Article L.741-3 du code de l'aviation civile
Sanctions pénales applicables aux personnes morales
Cet
article prévoit que les personnes morales peuvent également
être pénalement responsables des infractions définies au
présent titre.
Le texte proposé par cet article prévoit que les personnes
morales peuvent être déclarées pénalement
responsables, dans les conditions prévues par l'article 121-2 du
code pénal, des infractions de manquement à l'obligation de
signaler un accident ou un incident ou pour entrave à l'enquête
technique.
Les peines prévues pour les personnes morales pour le compte desquelles
ces infractions ont été commises sont l'amende prévue
à l'article 131-38 du code pénal et les peines
mentionnées à l'article 131-39 du même code.
L'amende prévue à l'article 131-38 du code pénal, dont le
taux maximum est égal au quintuple de celui prévu pour les
personnes physiques par la loi qui réprime l'infraction,
s'élève à 500.000 francs.
L'article 131-39, prévoit différentes catégories de
peines qui peuvent être notamment la dissolution, l'interdiction
définitive ou temporaire d'exercer une ou plusieurs activités, le
placement pour cinq ans sous surveillance judiciaire, la fermeture,
définitive ou temporaire, d'un ou plusieurs établissements,
l'exclusion des marchés publics, l'interdiction de faire appel
publiquement à l'épargne, l'affichage ou la diffusion par presse
écrite ou audiovisuelle de la décision prononcée.
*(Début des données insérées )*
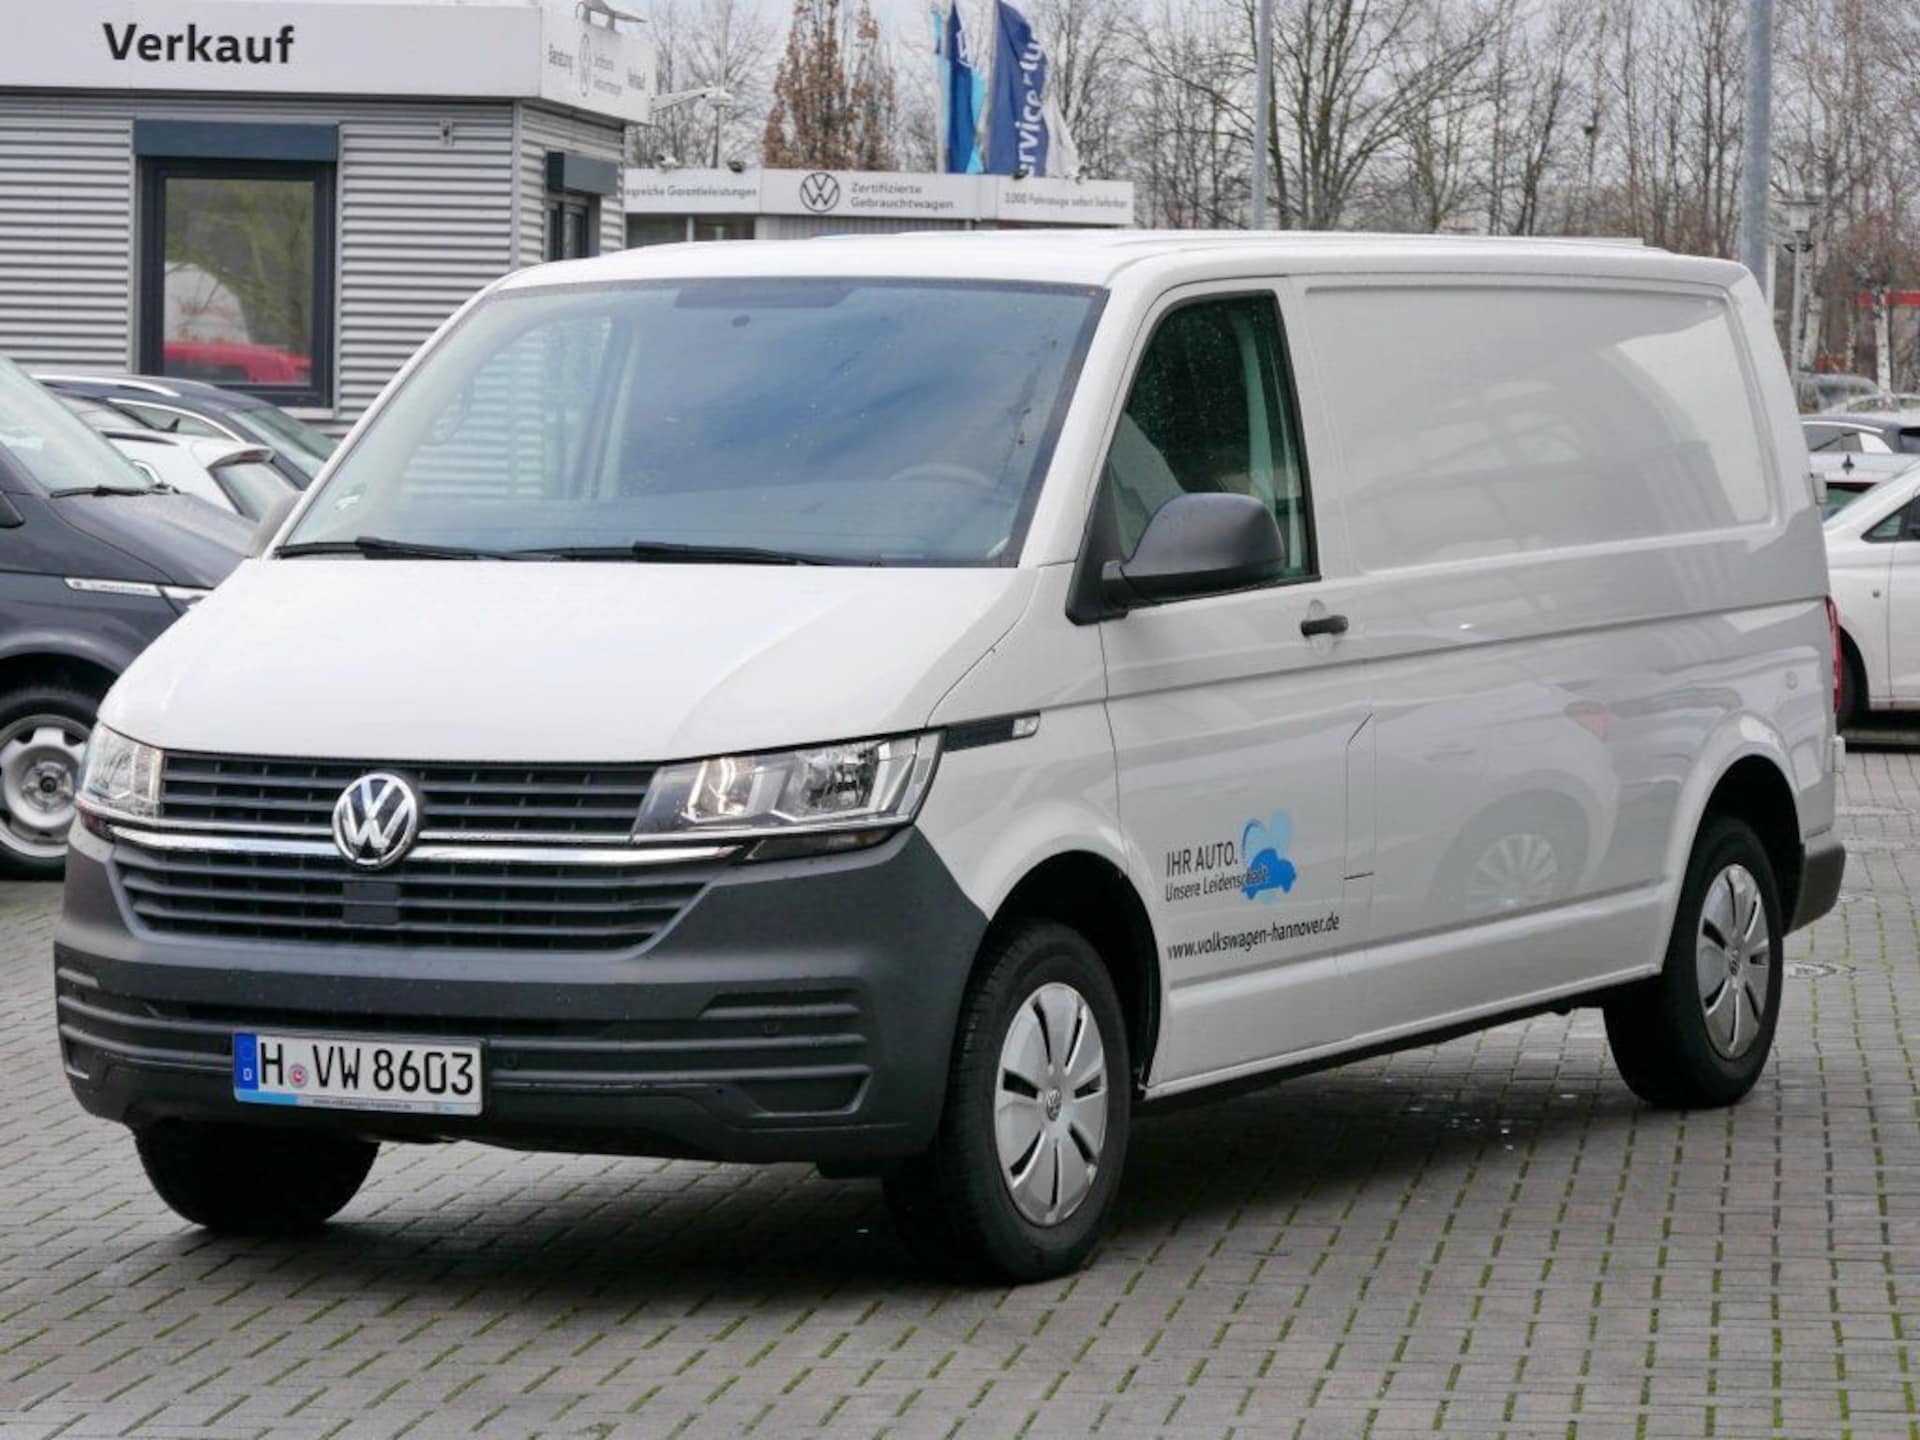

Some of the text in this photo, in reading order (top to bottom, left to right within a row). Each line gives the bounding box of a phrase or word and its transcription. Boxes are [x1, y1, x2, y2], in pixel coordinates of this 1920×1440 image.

[102, 22, 295, 64] Verkauf
[850, 182, 922, 195] Zertifizierte
[850, 196, 954, 211] Gebrauchtwagen
[1166, 840, 1239, 878] IHR AUTO.
[1165, 882, 1202, 902] Unsere
[1167, 912, 1340, 960] www.volkswagen-hannover.de
[260, 1042, 474, 1096] H VW 8603
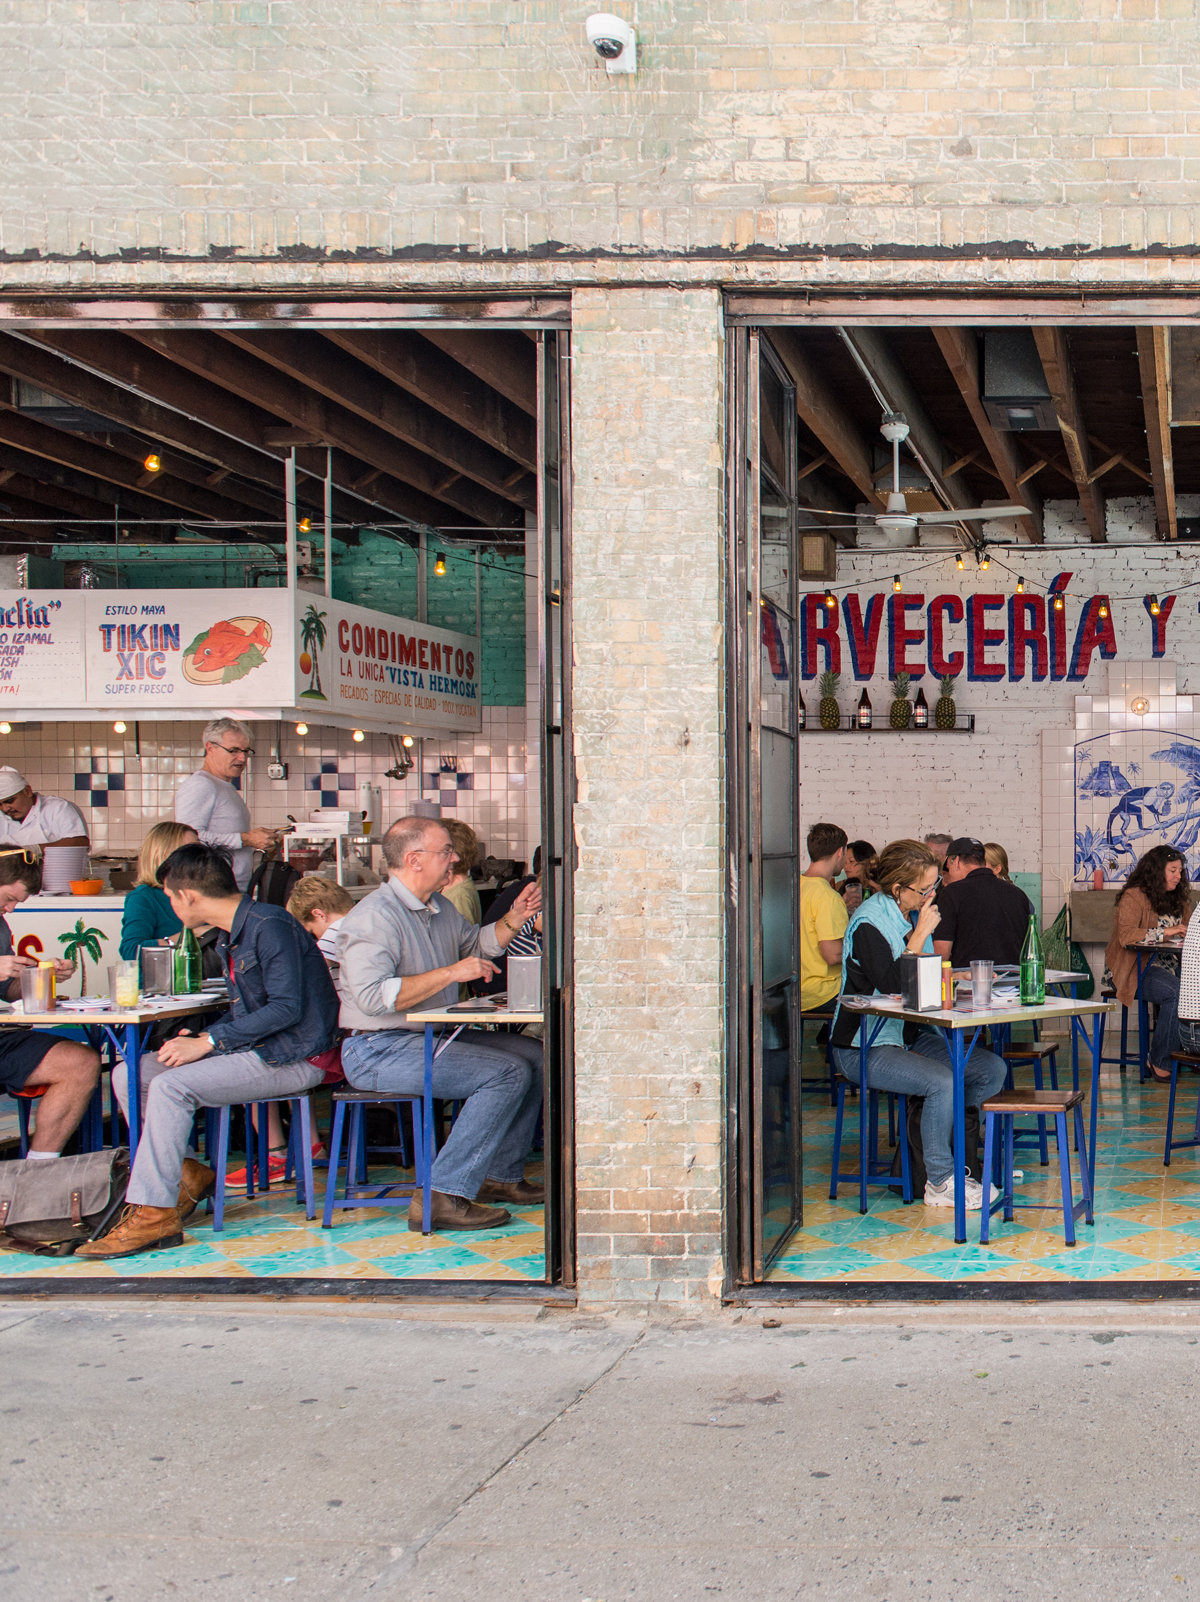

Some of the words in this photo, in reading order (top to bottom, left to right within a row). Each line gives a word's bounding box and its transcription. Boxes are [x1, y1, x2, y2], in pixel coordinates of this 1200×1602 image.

[105, 605, 138, 615] ESTILO
[141, 605, 166, 615] MAYA
[12, 633, 55, 645] IZAMAL
[99, 623, 180, 652] TIKIN
[1143, 594, 1177, 658] Y
[338, 619, 475, 680] CONDIMENTOS
[116, 652, 167, 681] XIC
[340, 657, 353, 678] LA
[359, 661, 385, 683] UNICA
[105, 684, 136, 694] SUPER
[138, 684, 174, 694] FRESCO
[340, 684, 369, 702] RECADOS
[374, 689, 402, 706] ESPECIAS
[404, 694, 413, 708] DE
[455, 703, 477, 718] YUCATAN
Le dernier alinéa de l'article L.741-3 précise que la peine
d'interdiction, à titre définitif ou pour une durée de
cinq ans au plus, d'exercer directement une ou plusieurs activités
professionnelles ou sociale porte sur l'activité dans l'exercice, ou
à l'occasion de l'exercice de laquelle l'infraction a été
commise.
Votre commission a adopté cet article sans modification.
Article 2 -
Décret en Conseil d'Etat et
application aux territoires d'outre-mer
Cet
article prévoit qu'un décret en Conseil d'Etat fixera les
modalités d'application de la présente loi. Il précise
également que la loi sera applicable dans les territoires d'outre-mer et
dans la collectivité territoriale de Mayotte. Ces territoires
étant soumis à un régime de spécialité, il
convenait, en effet, pour que la loi y soit applicable, d'insérer une
mention explicite.
Votre commission a adopté cet article
sans modification.
*
* *
Sous réserve des amendements proposés, votre commission demande au Sénat d'adopter le projet de loi.